The problem -> Make an exact copy of the records that follow, with each picture omitted.

Supplied entries ->
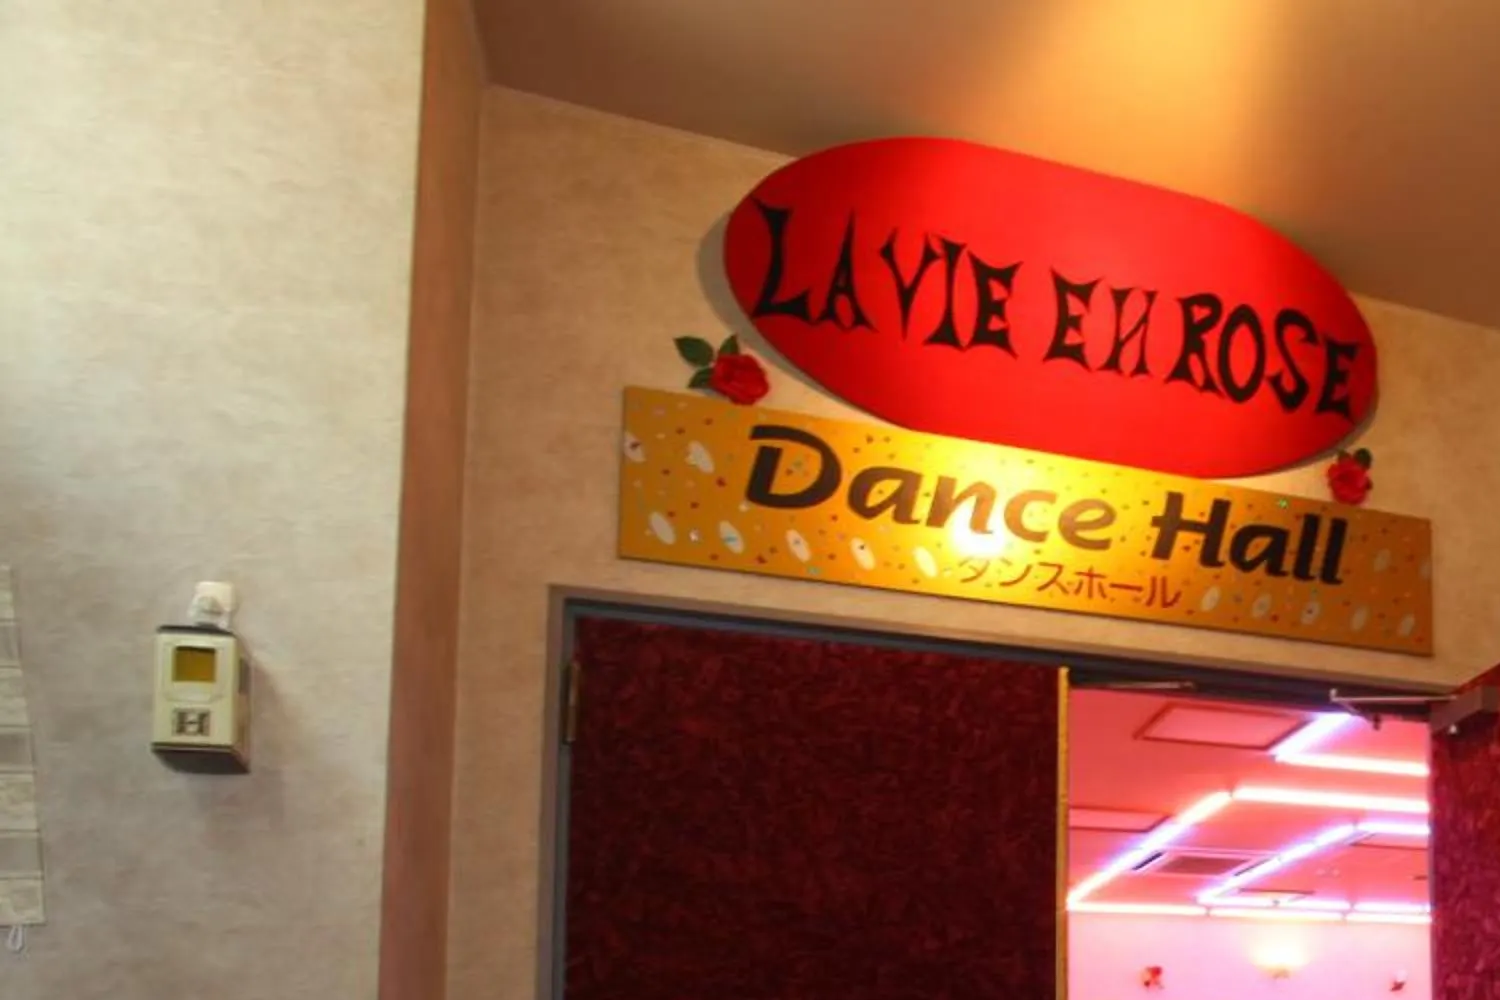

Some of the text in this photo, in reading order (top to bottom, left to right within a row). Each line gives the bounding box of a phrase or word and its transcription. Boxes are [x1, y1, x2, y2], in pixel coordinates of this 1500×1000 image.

[752, 200, 877, 333] LA
[881, 228, 1023, 360] VIE
[1165, 293, 1360, 424] ROSE
[744, 425, 1349, 585] Dance Hall
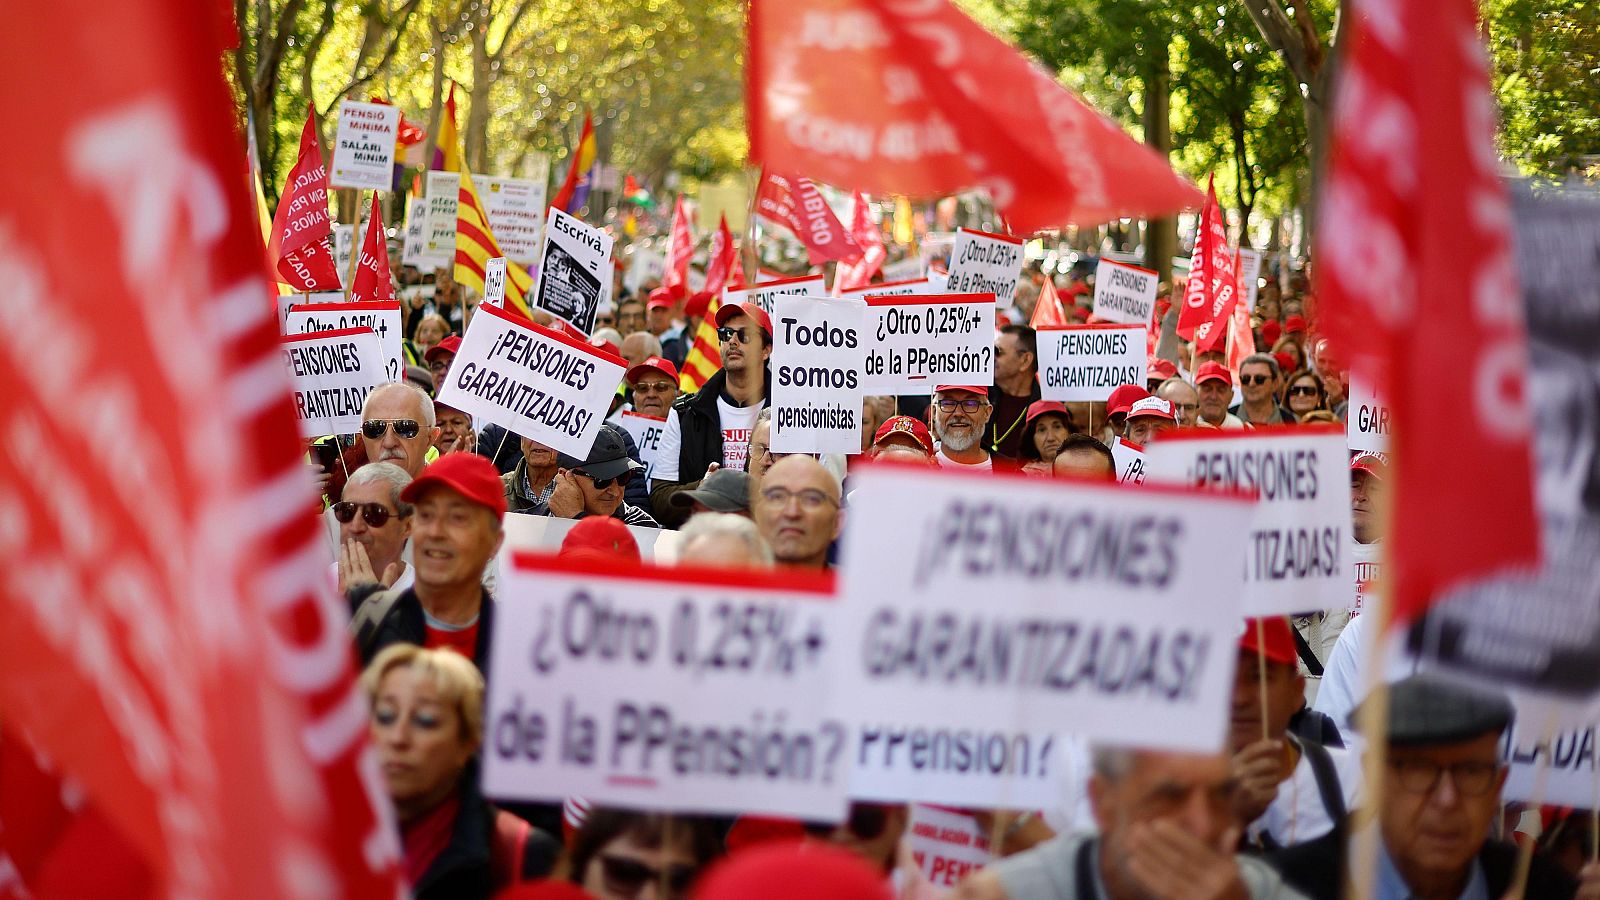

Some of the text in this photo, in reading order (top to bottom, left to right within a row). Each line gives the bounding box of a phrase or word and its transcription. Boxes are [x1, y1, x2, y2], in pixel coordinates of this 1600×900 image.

[554, 213, 605, 257] Escrivà,
[960, 240, 986, 266] ¿Otro
[947, 270, 959, 291] de
[959, 272, 970, 293] la
[781, 318, 858, 348] Todos
[876, 306, 981, 342] ¿Otro 0,25%+
[487, 329, 595, 391] ¡PENSIONES
[865, 346, 991, 375] de la PPensión?
[1056, 334, 1127, 360] ¡PENSIONES
[778, 366, 858, 389] somos
[1046, 366, 1139, 387] GARANTIZADAS!
[457, 362, 593, 439] GARANTIZADAS!
[777, 402, 856, 434] pensionistas.
[1253, 527, 1341, 582] TIZADAS!
[531, 589, 825, 681] ¿Otro 0,25%+
[863, 608, 1211, 700] GARANTIZADAS!
[495, 692, 845, 785] de la PPensión?

Your solution ->
Some of the text in this photo, in reading order (top to bottom, left to right within a row). Each line gives the bounding box of a phrase or word and its transcription. Boxes are [x1, y1, x2, y2], in pixel coordinates of this 1500×1000 image.

[752, 200, 877, 333] LA
[881, 228, 1023, 360] VIE
[1165, 293, 1360, 424] ROSE
[744, 425, 1349, 585] Dance Hall

Some of the text in this photo, in reading order (top to bottom, left to right within a row). Each line gives the bounding box of a phrase or word and its transcription. Boxes are [x1, y1, x2, y2], in pixel coordinates of this 1600×900 image.

[554, 213, 605, 257] Escrivà,
[960, 240, 986, 266] ¿Otro
[947, 270, 959, 291] de
[959, 272, 970, 293] la
[781, 318, 858, 348] Todos
[876, 306, 981, 342] ¿Otro 0,25%+
[487, 329, 595, 391] ¡PENSIONES
[865, 346, 991, 375] de la PPensión?
[1056, 334, 1127, 360] ¡PENSIONES
[778, 366, 858, 389] somos
[1046, 366, 1139, 387] GARANTIZADAS!
[457, 362, 593, 439] GARANTIZADAS!
[777, 402, 856, 434] pensionistas.
[1253, 527, 1341, 582] TIZADAS!
[531, 589, 825, 681] ¿Otro 0,25%+
[863, 608, 1211, 700] GARANTIZADAS!
[495, 692, 845, 785] de la PPensión?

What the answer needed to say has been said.